This comment has been removed by the author.
12kyle said...

if u ask me...he sounds bitter...not u.

be who you are. that's why we like you...or we ack like we like you. lol

Gem said...

*delivers a hug with Barrington as the carrier*

IntrospectiveGoddess said...

Wow, what you said really resonated with me. I think we all have our own demons to conquer. I am glad that you are steadily working on overcoming them. But it doesnt take a way the fact that some people are just inconsiderate assholes. That dude needs to have someone's foot discarded up his ass!!! But I digress, just know that others out here in the blogosphere, can empathize with your pain. And just by sharing something like this, you have proven that those who struggle internally are not alone. So I thank you!

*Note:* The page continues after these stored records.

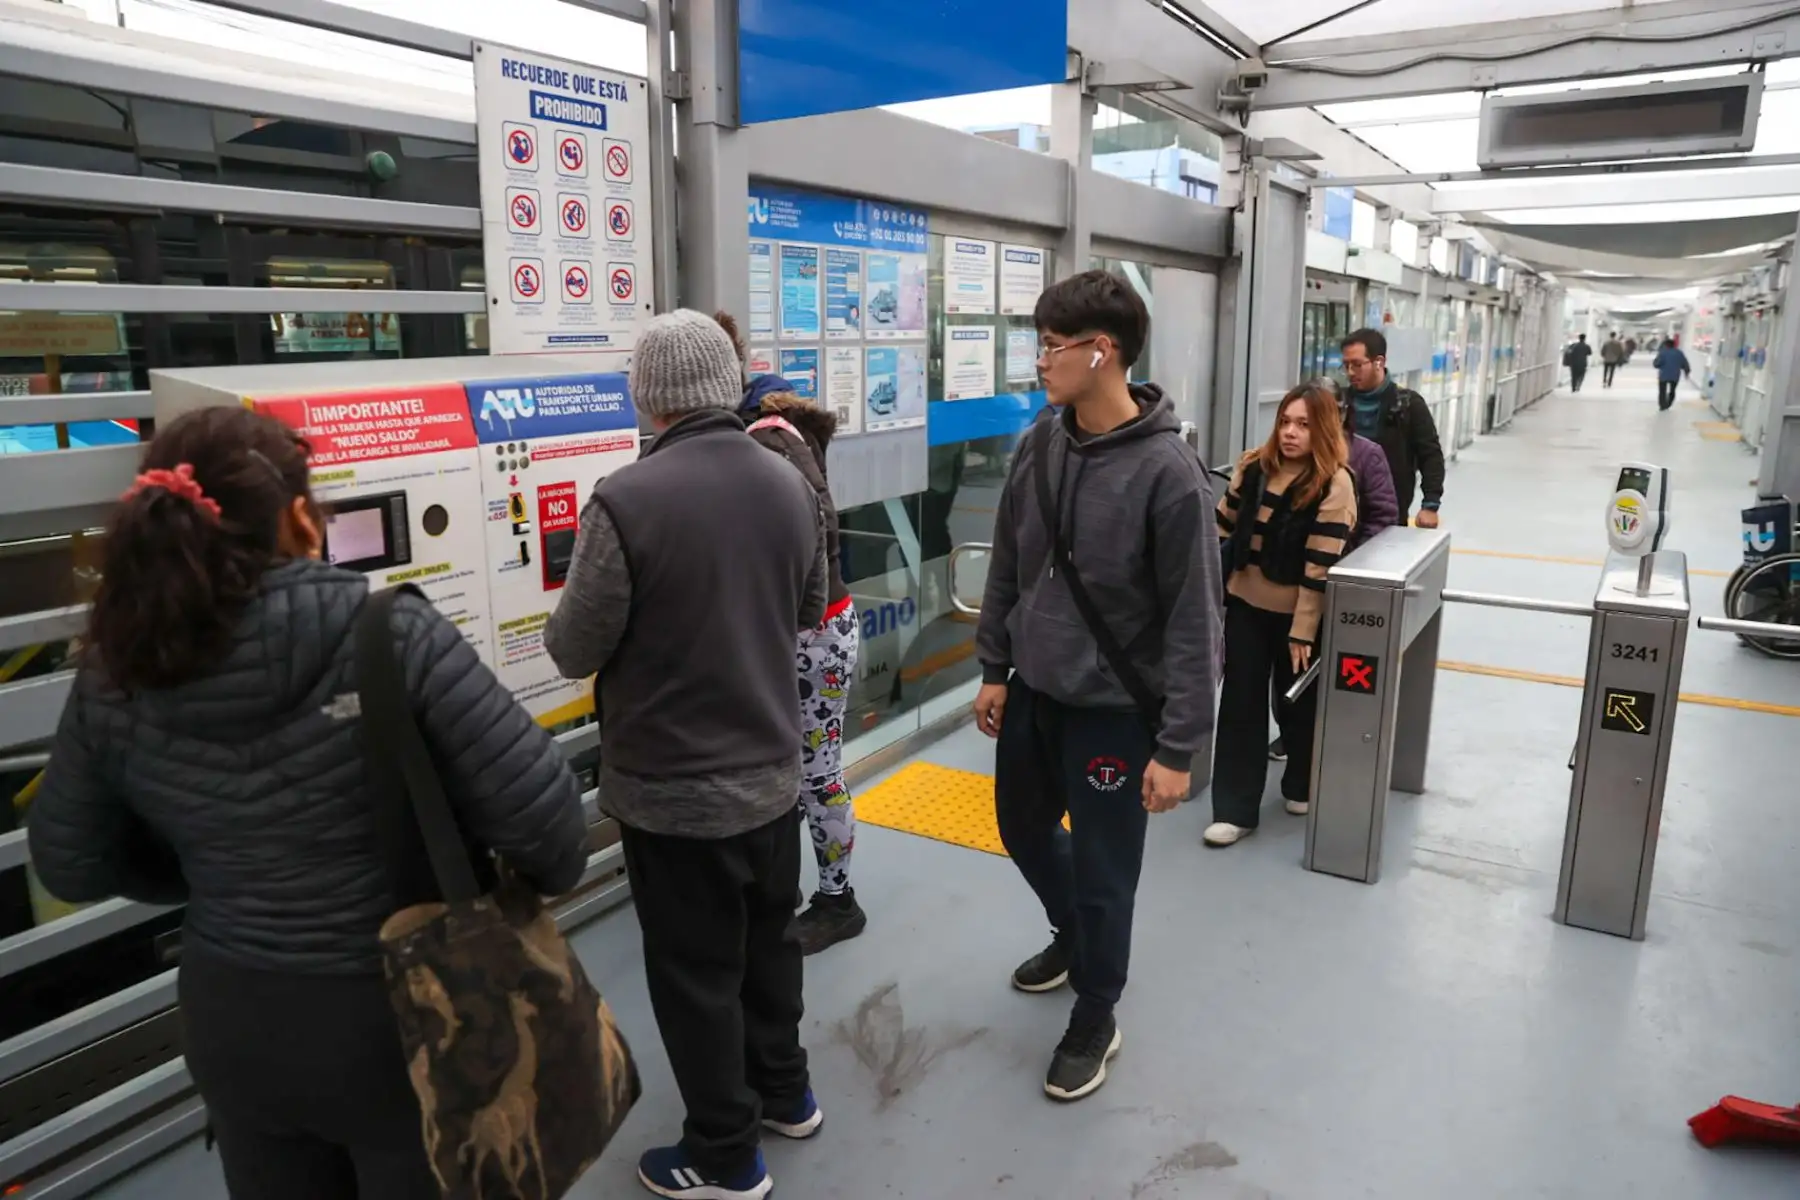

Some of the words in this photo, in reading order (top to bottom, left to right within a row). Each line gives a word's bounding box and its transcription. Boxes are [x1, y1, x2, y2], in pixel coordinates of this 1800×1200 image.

[501, 58, 569, 90] RECUERDE
[573, 74, 596, 95] QUE
[599, 80, 628, 102] ESTÁ
[534, 95, 602, 125] PROHIBIDO
[748, 196, 768, 224] TU
[535, 385, 583, 396] AUTORIDAD
[584, 384, 595, 393] DE
[537, 394, 591, 406] TRANSPORTE
[591, 392, 624, 402] URBANO
[312, 399, 425, 423] ¡IMPORTANTE!
[480, 387, 536, 421] ATU
[539, 406, 561, 416] PARA
[562, 404, 582, 415] LIMA
[582, 404, 588, 413] Y
[589, 402, 620, 412] CALLAO
[325, 424, 338, 434] LA
[338, 421, 375, 433] TARJETA
[375, 418, 404, 429] HASTA
[404, 416, 421, 427] QUE
[314, 451, 334, 464] QUE
[335, 449, 348, 461] LA
[349, 444, 389, 459] RECARGA
[389, 443, 401, 454] SE
[548, 500, 568, 516] NO
[1742, 521, 1775, 552] TU
[862, 597, 915, 640] ano
[1611, 643, 1658, 662] 3241

PS heard the monday musings show with FuckItList and Brothers Blog, I enjoyed it!

Rich Fitzgerald said...

If that was meant to be a joke, it's one of the worst I've heard in a long time.

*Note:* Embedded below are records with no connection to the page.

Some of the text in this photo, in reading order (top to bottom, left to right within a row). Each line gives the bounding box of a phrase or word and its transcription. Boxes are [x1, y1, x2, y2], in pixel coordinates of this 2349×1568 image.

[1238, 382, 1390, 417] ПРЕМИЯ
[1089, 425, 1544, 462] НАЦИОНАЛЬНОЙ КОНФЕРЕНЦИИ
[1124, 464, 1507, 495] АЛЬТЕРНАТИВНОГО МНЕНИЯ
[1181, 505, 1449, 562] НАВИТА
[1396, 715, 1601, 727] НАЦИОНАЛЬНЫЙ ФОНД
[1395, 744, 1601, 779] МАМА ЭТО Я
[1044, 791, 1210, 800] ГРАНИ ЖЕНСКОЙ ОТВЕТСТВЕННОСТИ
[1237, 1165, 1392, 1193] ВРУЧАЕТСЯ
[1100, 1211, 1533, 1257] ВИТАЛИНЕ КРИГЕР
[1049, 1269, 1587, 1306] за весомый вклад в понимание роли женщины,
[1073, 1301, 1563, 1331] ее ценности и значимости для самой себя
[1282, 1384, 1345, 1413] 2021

No one deserves to be around people like that.

The F_Uitlist said...

What the? who the FUCK said this to you? I need you to cut ties and then give me his number.

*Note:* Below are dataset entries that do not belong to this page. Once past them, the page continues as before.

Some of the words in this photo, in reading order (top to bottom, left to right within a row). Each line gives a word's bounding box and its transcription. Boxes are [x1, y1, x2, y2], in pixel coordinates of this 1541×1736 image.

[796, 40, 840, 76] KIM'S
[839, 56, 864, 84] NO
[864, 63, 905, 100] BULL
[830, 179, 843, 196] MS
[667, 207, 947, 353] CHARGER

That is hardly a joke and you should have slapped his face and walked away. You are too special to have to deal with nuts like this. I know you hate all these "self-help" books but I think you should read "The 4 Agreements" you need some free in your life.

Eb the Celeb said...

You should have responded with a

"Who gon check me boo"

and then called pookie nem...aka me and F it so we could have jumped that fool

Tiffany S. Jones said...

OK, if this is the mofo in Georgia, I can be down there in a few hours. I ain't skurd! Bastard!
You shoulda told that mofo to treat you like a Slim Jim. "EAT ME!!!"

The Jaded NYer said...

Thanks everyone for having my back. I assure you all I'm no longer in contact w/him and he's probably on his way overseas this month anyway.

I'm working hard on that self-esteem thing, I promise!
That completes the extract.